● **Task inputs**
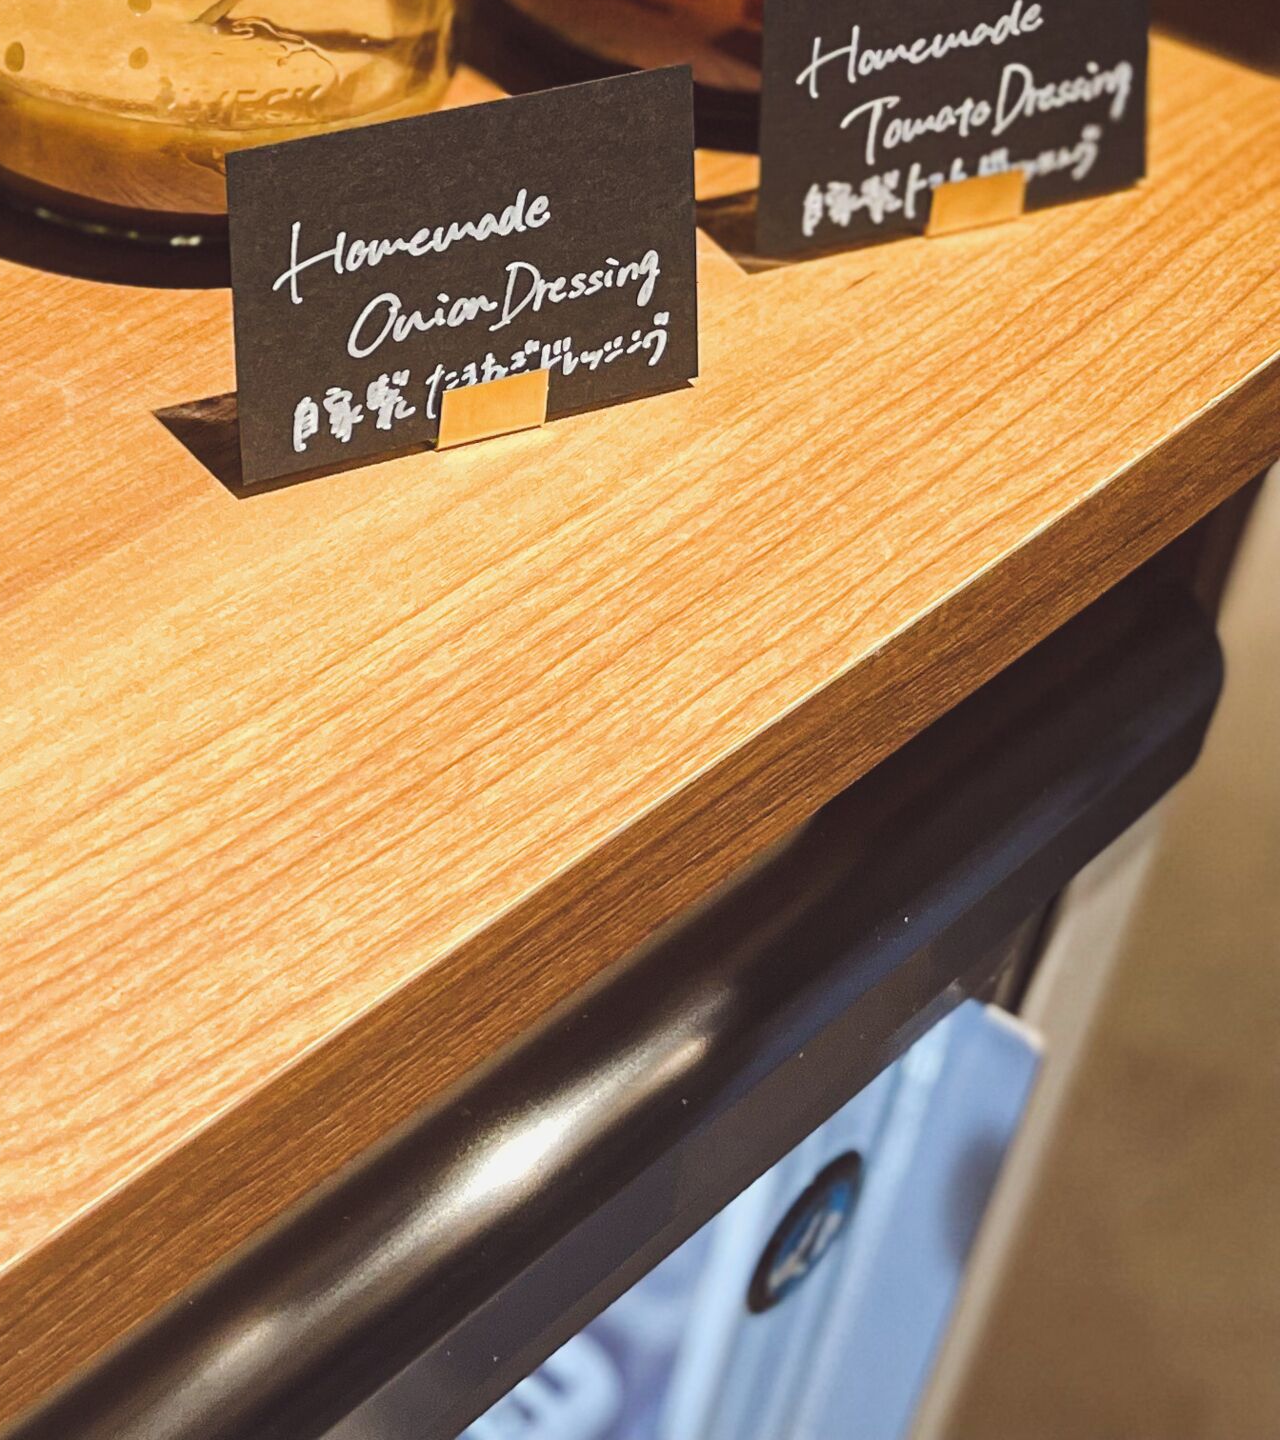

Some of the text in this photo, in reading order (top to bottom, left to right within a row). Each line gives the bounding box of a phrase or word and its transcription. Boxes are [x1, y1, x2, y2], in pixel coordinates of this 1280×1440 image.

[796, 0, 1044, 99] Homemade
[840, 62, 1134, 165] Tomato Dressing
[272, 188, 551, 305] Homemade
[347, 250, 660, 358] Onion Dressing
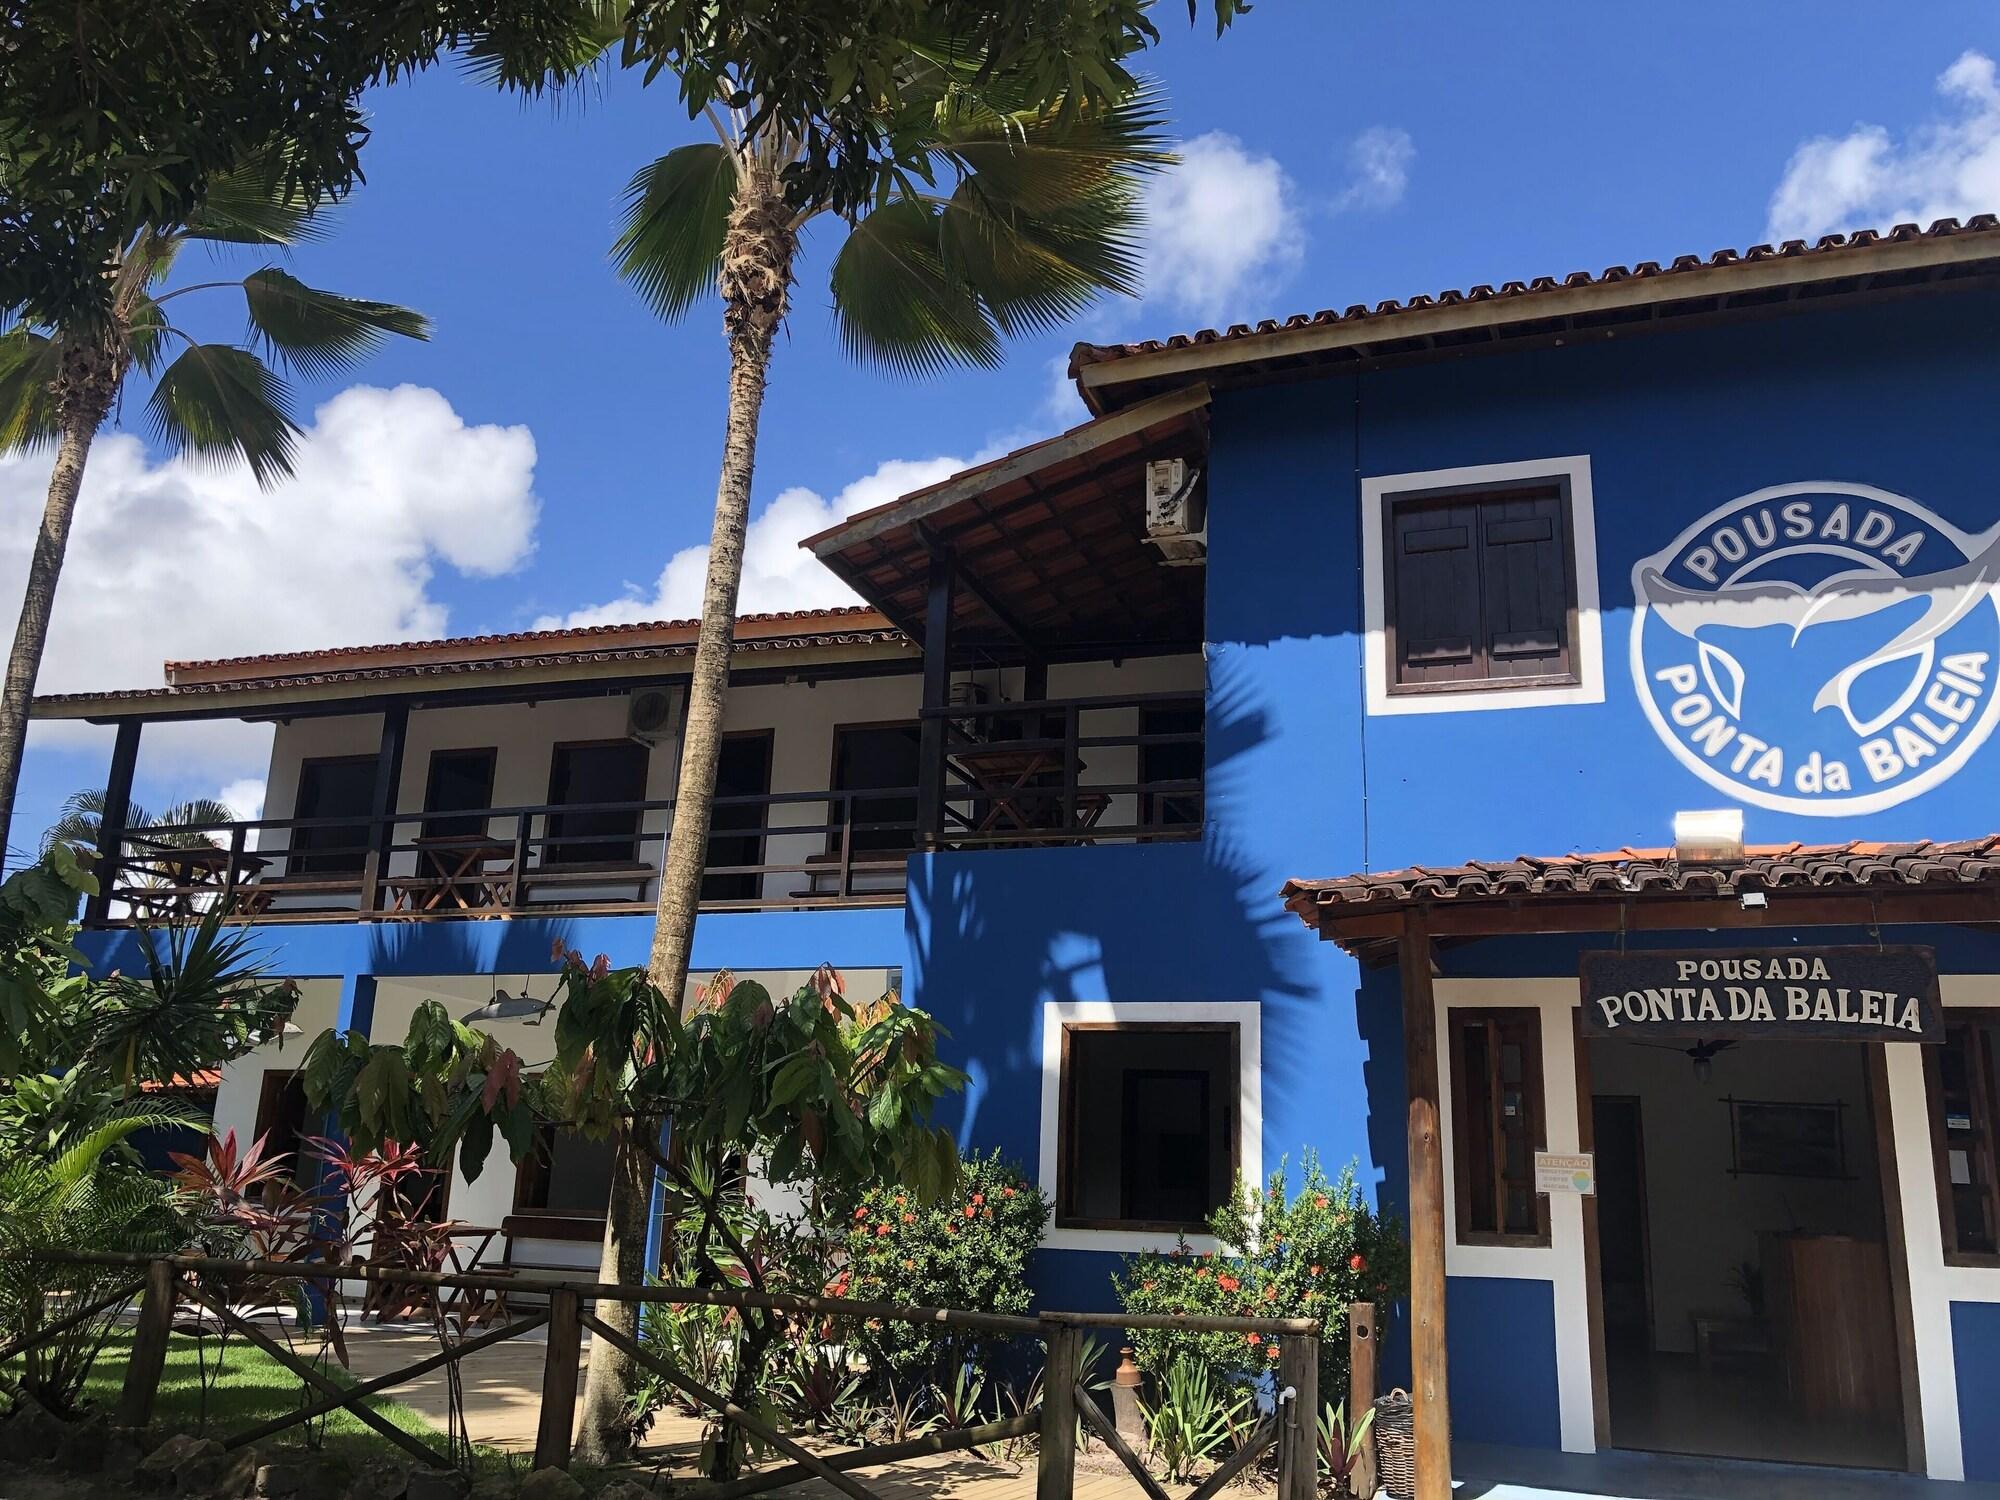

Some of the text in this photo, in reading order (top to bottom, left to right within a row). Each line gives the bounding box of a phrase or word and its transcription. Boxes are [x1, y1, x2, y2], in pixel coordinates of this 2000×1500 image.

● **Problem statement**
Copy the material verbatim. The pictures are not part of the copy.

● **Task output**
Some of the text in this photo, in reading order (top to bottom, left to right within a row). Each line gives the bounding box of a phrase or word and its transcription. Boxes are [x1, y1, x2, y2], in pixel coordinates of this 1280×1440 image.

[796, 0, 1044, 99] Homemade
[840, 62, 1134, 165] Tomato Dressing
[272, 188, 551, 305] Homemade
[347, 250, 660, 358] Onion Dressing

Some of the text in this photo, in reading order (top to bottom, left to right within a row). Each line gives the bounding box of a phrase or word and its transcription. Boxes are [x1, y1, x2, y2], in pixel coordinates of this 2000×1500 image.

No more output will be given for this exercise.